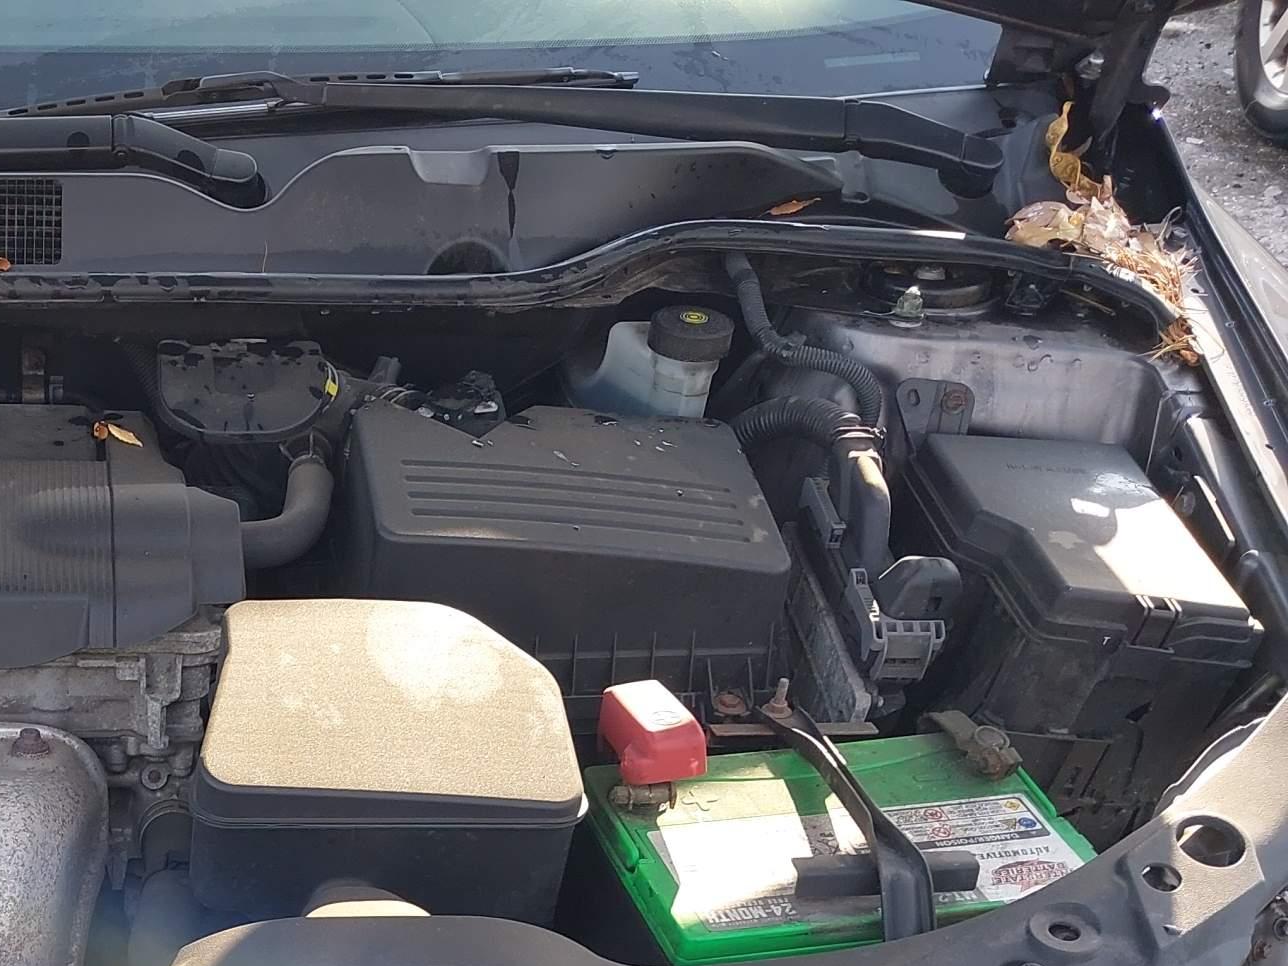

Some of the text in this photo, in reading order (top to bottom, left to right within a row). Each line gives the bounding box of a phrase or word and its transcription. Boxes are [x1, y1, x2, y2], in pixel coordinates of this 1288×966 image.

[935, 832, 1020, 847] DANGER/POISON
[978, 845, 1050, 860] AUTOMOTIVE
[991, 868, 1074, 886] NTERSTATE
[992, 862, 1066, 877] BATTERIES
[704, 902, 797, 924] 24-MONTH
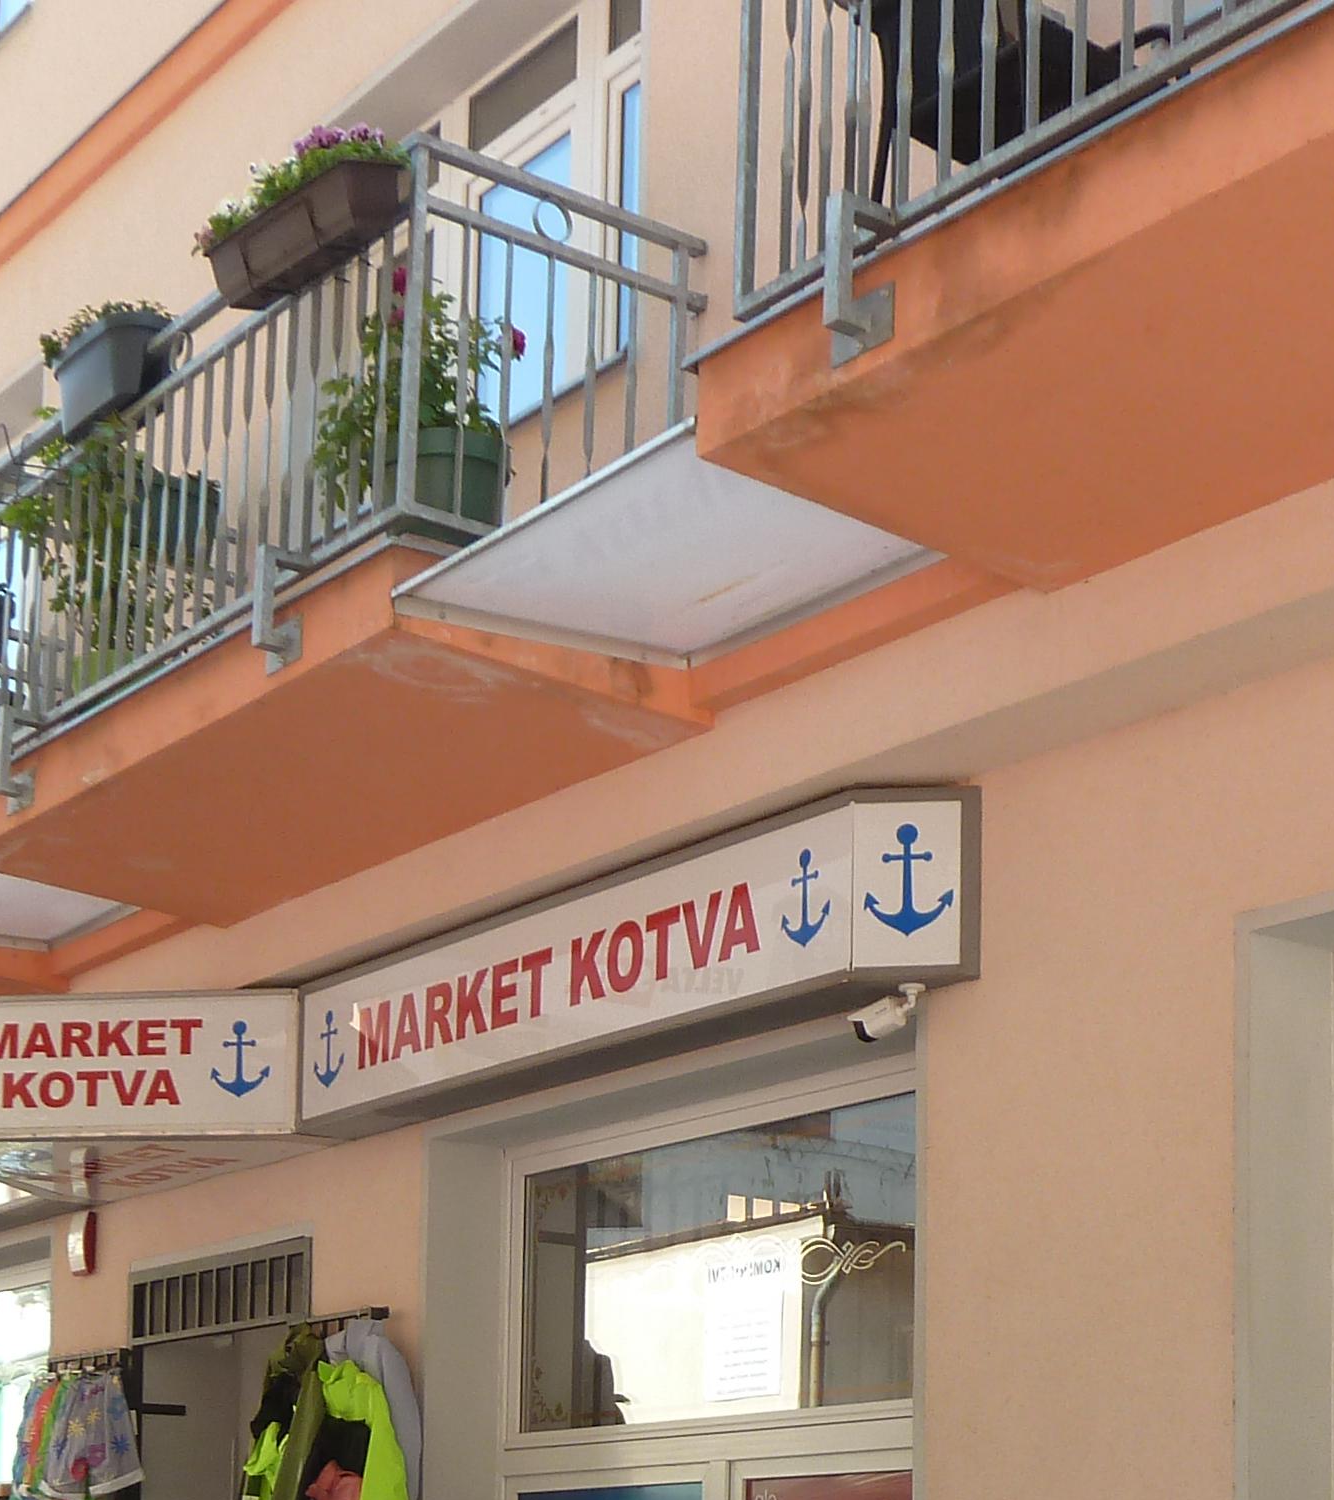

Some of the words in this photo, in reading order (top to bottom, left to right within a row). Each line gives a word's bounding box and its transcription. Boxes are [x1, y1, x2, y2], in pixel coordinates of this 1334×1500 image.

What the exercise asks: Set each line of the records down again exactly as it reads. Omit the pictures.

Solution for this problem:
Some of the text in this photo, in reading order (top to bottom, left to right within a row). Each line gives the bounding box of a phrase or word and its transcription. Boxes are [x1, y1, x2, y2], in pixel coordinates of this 1288×966 image.

[935, 832, 1020, 847] DANGER/POISON
[978, 845, 1050, 860] AUTOMOTIVE
[991, 868, 1074, 886] NTERSTATE
[992, 862, 1066, 877] BATTERIES
[704, 902, 797, 924] 24-MONTH

Some of the words in this photo, in reading order (top to bottom, left to right within a row). Each line gives a word's bounding box and its transcription. Boxes are [x1, y1, x2, y2], in pixel coordinates of this 1334×1500 image.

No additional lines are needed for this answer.